Our analysis suggests the occurrence of multiple spillover events (human to deer) of the Alpha and Delta lineages with subsequent deer-to-deer transmission and adaptation of the viruses. Detection of Alpha and Gamma variants in WTD long after their broad circulation in humans in NY suggests that WTD may serve as a wildlife reservoir for VOCs no longer circulating in humans.

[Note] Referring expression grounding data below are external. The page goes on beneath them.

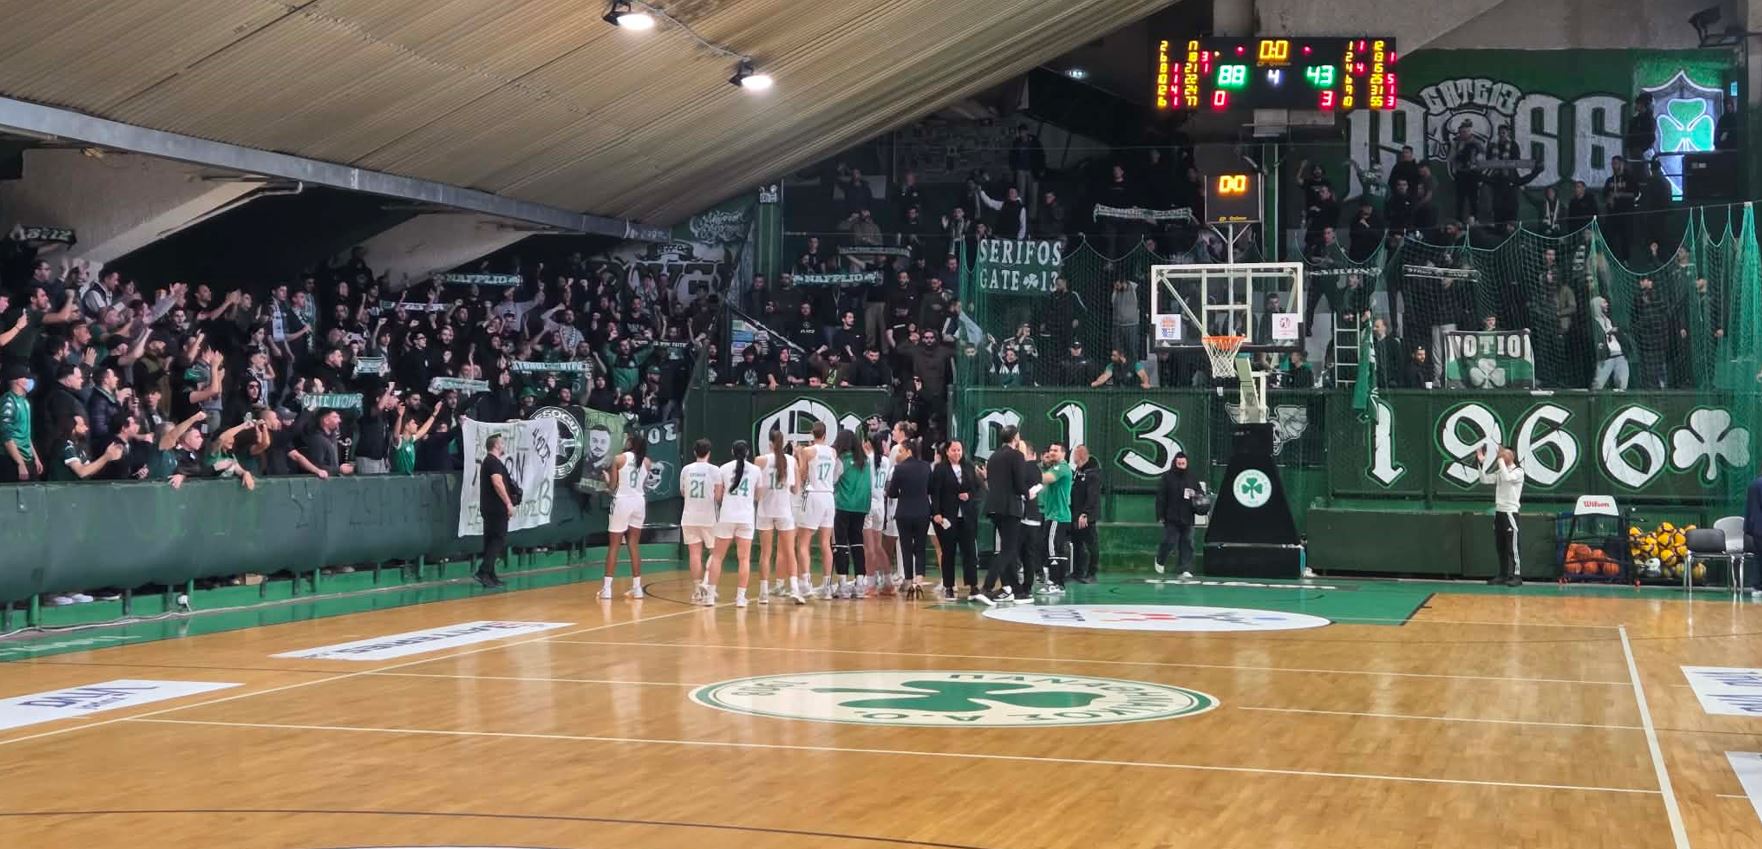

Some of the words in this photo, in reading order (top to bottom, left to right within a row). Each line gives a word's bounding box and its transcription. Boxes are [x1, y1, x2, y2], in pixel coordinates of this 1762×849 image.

[1160, 40, 1168, 51] 2
[1188, 40, 1198, 50] 17
[1160, 52, 1167, 62] 6
[1201, 51, 1208, 61] 3
[1345, 52, 1353, 62] 2
[1184, 63, 1198, 73] 21
[1345, 63, 1353, 73] 4
[1356, 62, 1364, 72] 4
[1184, 74, 1198, 84] 22
[1218, 65, 1246, 86] 88
[1267, 69, 1280, 85] 4
[1306, 65, 1335, 86] 43
[1345, 75, 1353, 84] 6
[1387, 73, 1394, 84] 5
[1171, 85, 1178, 94] 4
[1184, 85, 1198, 95] 24
[1345, 85, 1353, 95] 9
[1370, 85, 1383, 95] 31
[1185, 96, 1198, 106] 77
[1214, 90, 1226, 106] 0
[1321, 90, 1333, 106] 3
[1387, 96, 1394, 106] 3
[1345, 94, 1626, 201] 1966
[979, 239, 1061, 266] SERIFOS
[980, 268, 1020, 291] GATE
[1041, 271, 1059, 292] 13
[1056, 402, 1183, 475] 13
[1372, 402, 1666, 488] 1966
[818, 463, 831, 480] 17
[875, 471, 885, 489] 10
[690, 480, 705, 498] 21
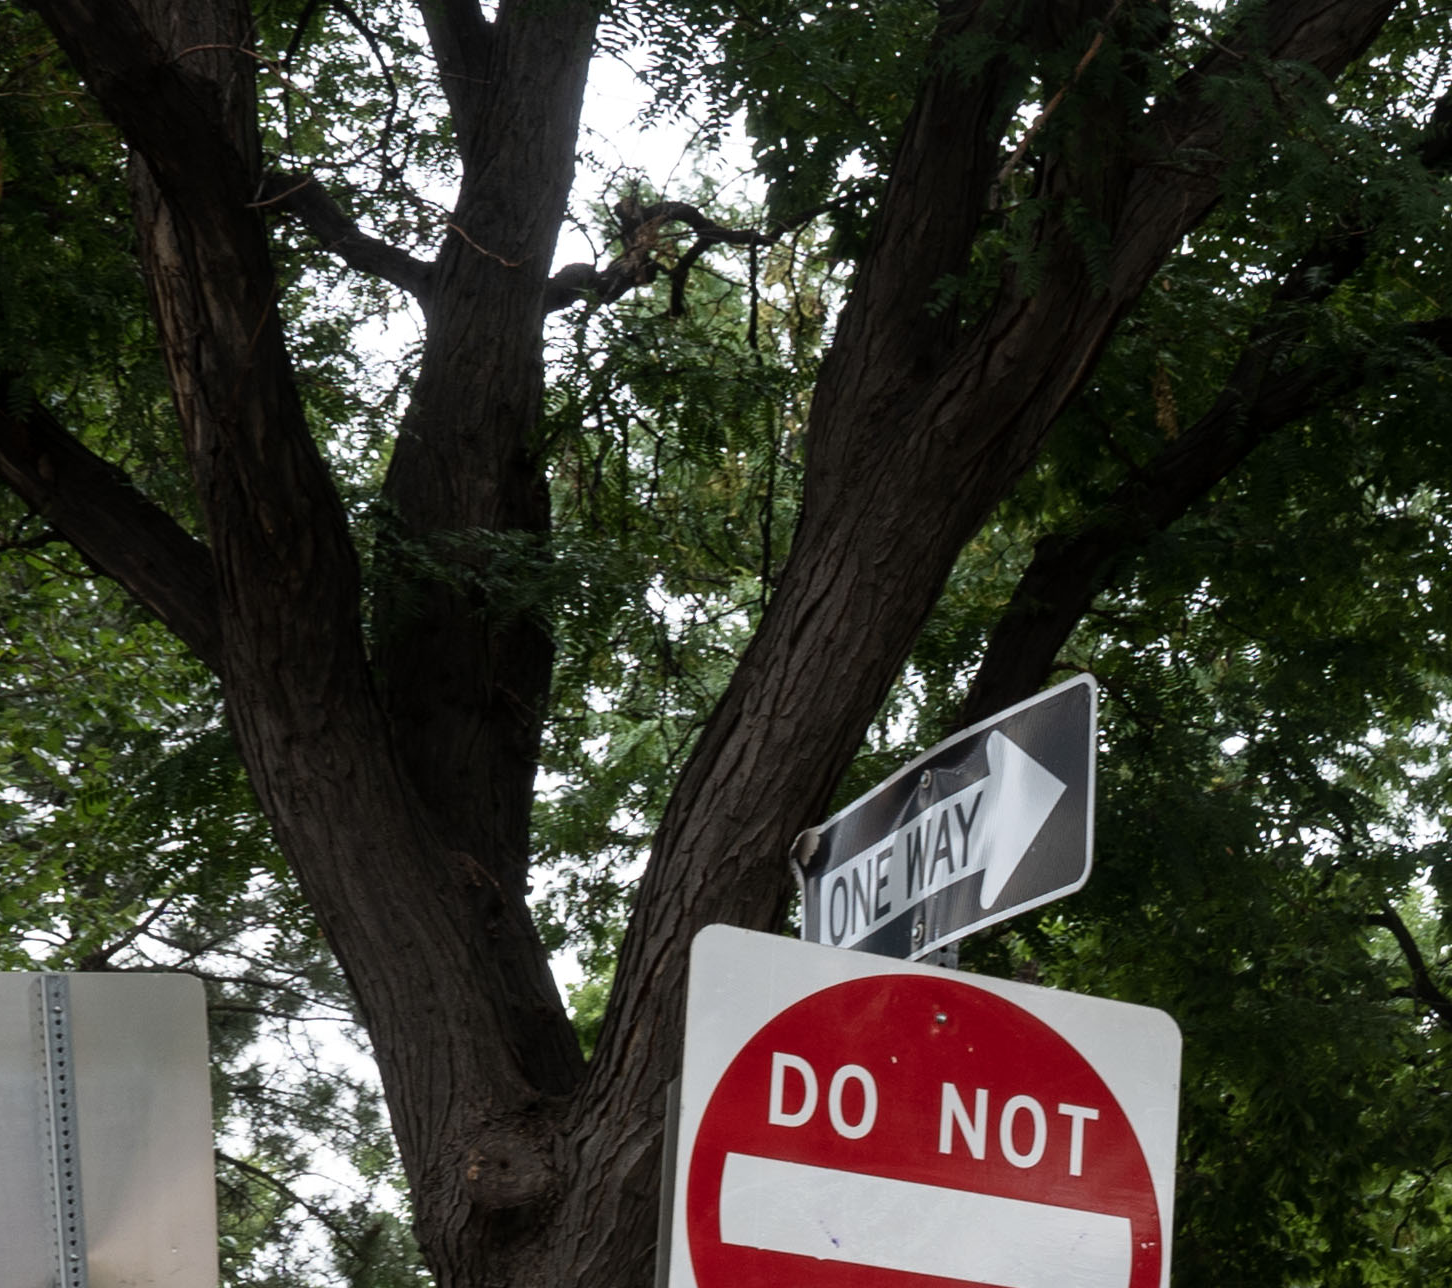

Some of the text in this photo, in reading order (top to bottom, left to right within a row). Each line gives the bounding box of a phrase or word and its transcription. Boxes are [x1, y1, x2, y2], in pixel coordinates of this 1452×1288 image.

[830, 790, 984, 945] ONE WAY
[769, 1051, 1099, 1177] DO NOT

Thus, implementation of continuous surveillance programs to monitor SARS-CoV-2 dynamics in WTD is warranted, and measures to minimize virus transmission between humans and animals are urgently needed.
The evidence generated in this study demonstrates widespread dissemination of SARS-CoV-2 in wild WTD populations across the State of New York and further indicates the cocirculation of three major VOCs in this new wildlife host. Notably, circulation of SARS-CoV-2 in WTD results in emergence of genetically diverse viruses in this species.

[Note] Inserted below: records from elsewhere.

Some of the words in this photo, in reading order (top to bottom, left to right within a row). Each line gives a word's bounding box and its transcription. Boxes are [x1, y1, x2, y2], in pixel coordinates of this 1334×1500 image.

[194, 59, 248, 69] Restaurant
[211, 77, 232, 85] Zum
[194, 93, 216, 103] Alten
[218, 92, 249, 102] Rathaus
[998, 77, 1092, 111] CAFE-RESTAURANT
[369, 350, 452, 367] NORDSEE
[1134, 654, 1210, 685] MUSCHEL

These observations highlight the need to establish continuous surveillance programs to monitor the circulation, distribution, and evolution of SARS-CoV-2 in WTD populations and to establish measures to minimize additional virus introductions in animals that may lead to spillback of deer-adapted SARS-CoV-2 variants to humans.

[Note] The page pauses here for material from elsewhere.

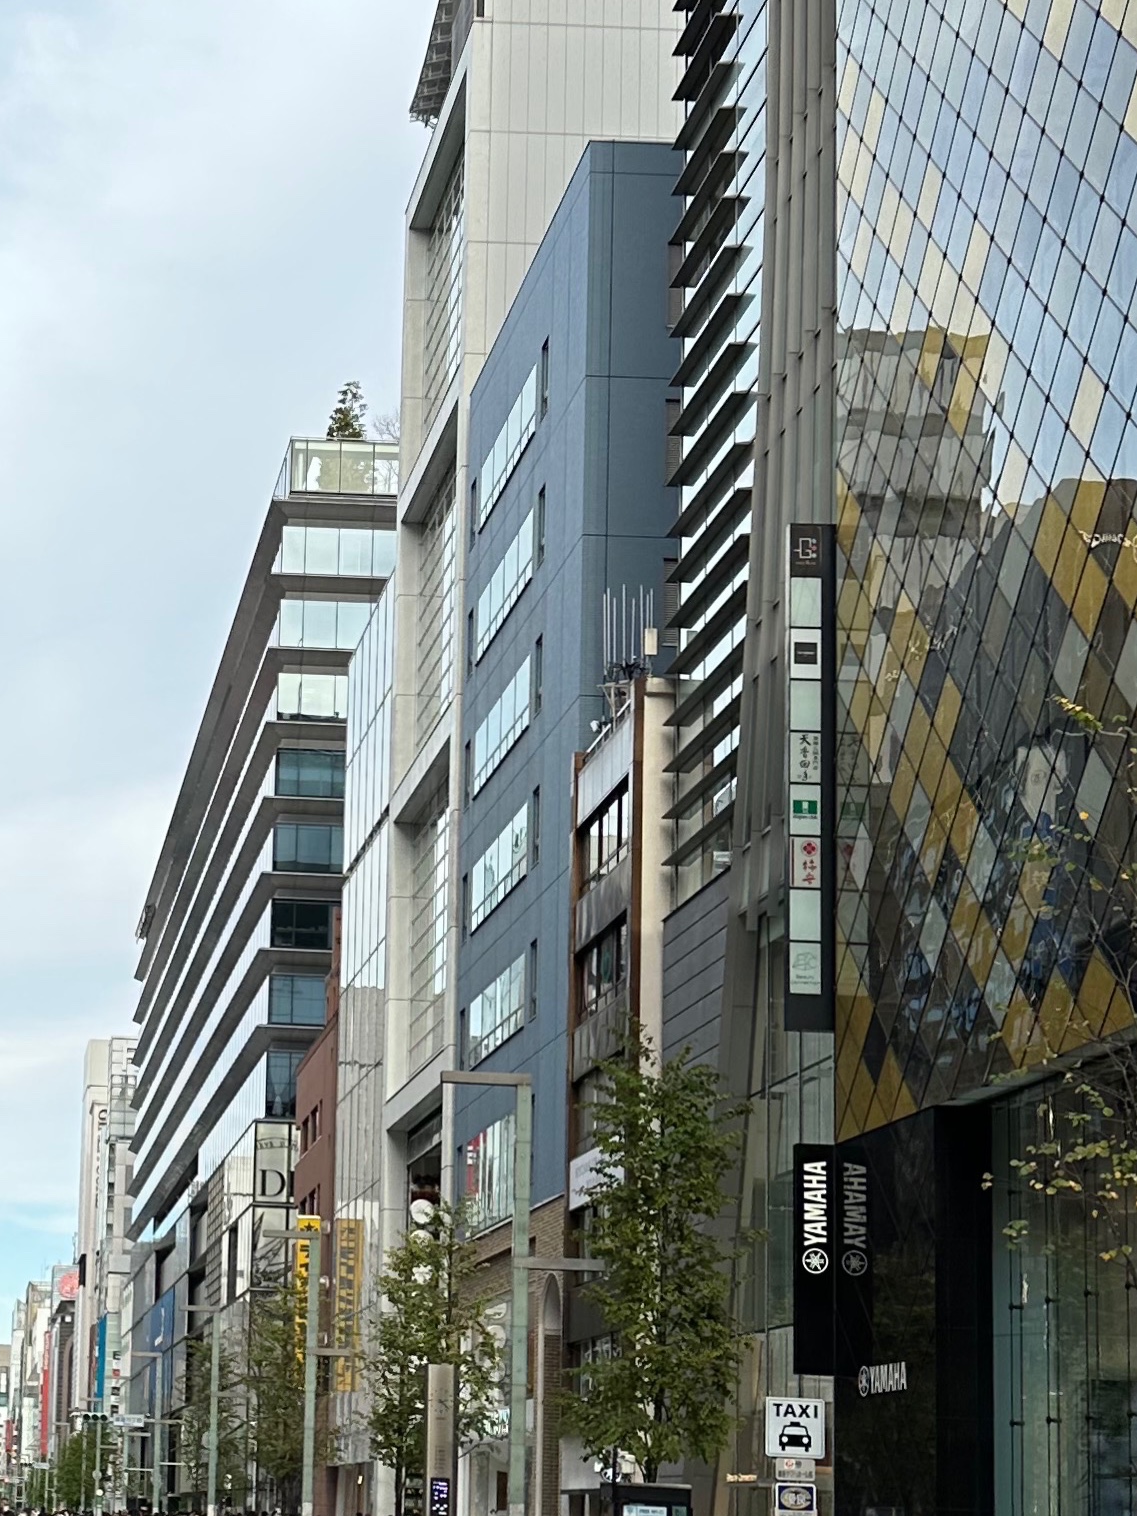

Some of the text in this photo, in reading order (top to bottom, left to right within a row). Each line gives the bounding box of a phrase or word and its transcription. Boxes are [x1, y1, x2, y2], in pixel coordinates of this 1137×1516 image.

[803, 1161, 827, 1246] YAMAHA
[869, 1361, 908, 1395] YAMAHA
[772, 1402, 819, 1420] TAXI

In addition to White-Tailed Deer, a recent study (see Preprint: Wildlife Exposure to SARS-CoV-2 Across a Human Use Gradient) found evidence of SARS-CoV-2 infection across a wide variety of small peridomestic mammals (e.g. possums, skunks, squirrels, etc.) in Virginia.
With SARS-CoV-2 circulating and evolving in multiple mammalian hosts, the opportunities for future spillover events has almost certainly increased. The risks were summed up nicely last month in The Lancet Microbe: Ecology of SARS-CoV-2 in the Post-Pandemic Era, where the authors wrote:
The above discussion suggests that the ecology of SARS-CoV-2 could be more complex than for other zoonotic viruses (appendix). Infections in humans would facilitate frequent human–animal transmissions. Then, the virus could experience sustained evolution with adaptation to multiple species of animals that results in antigenicity changes before subsequent reverse transmission to humans. This would make disease control more difficult. Therefore, characterisation of SARS-CoV-2 ecology and greater levels of surveillance for infections in animals, especially pets, zoo animals, and urban and suburban wildlife, are imperative in the post-pandemic era.
While we may be headed towards the end of the declared COVID pandemic, the virus could still have some surprises in store.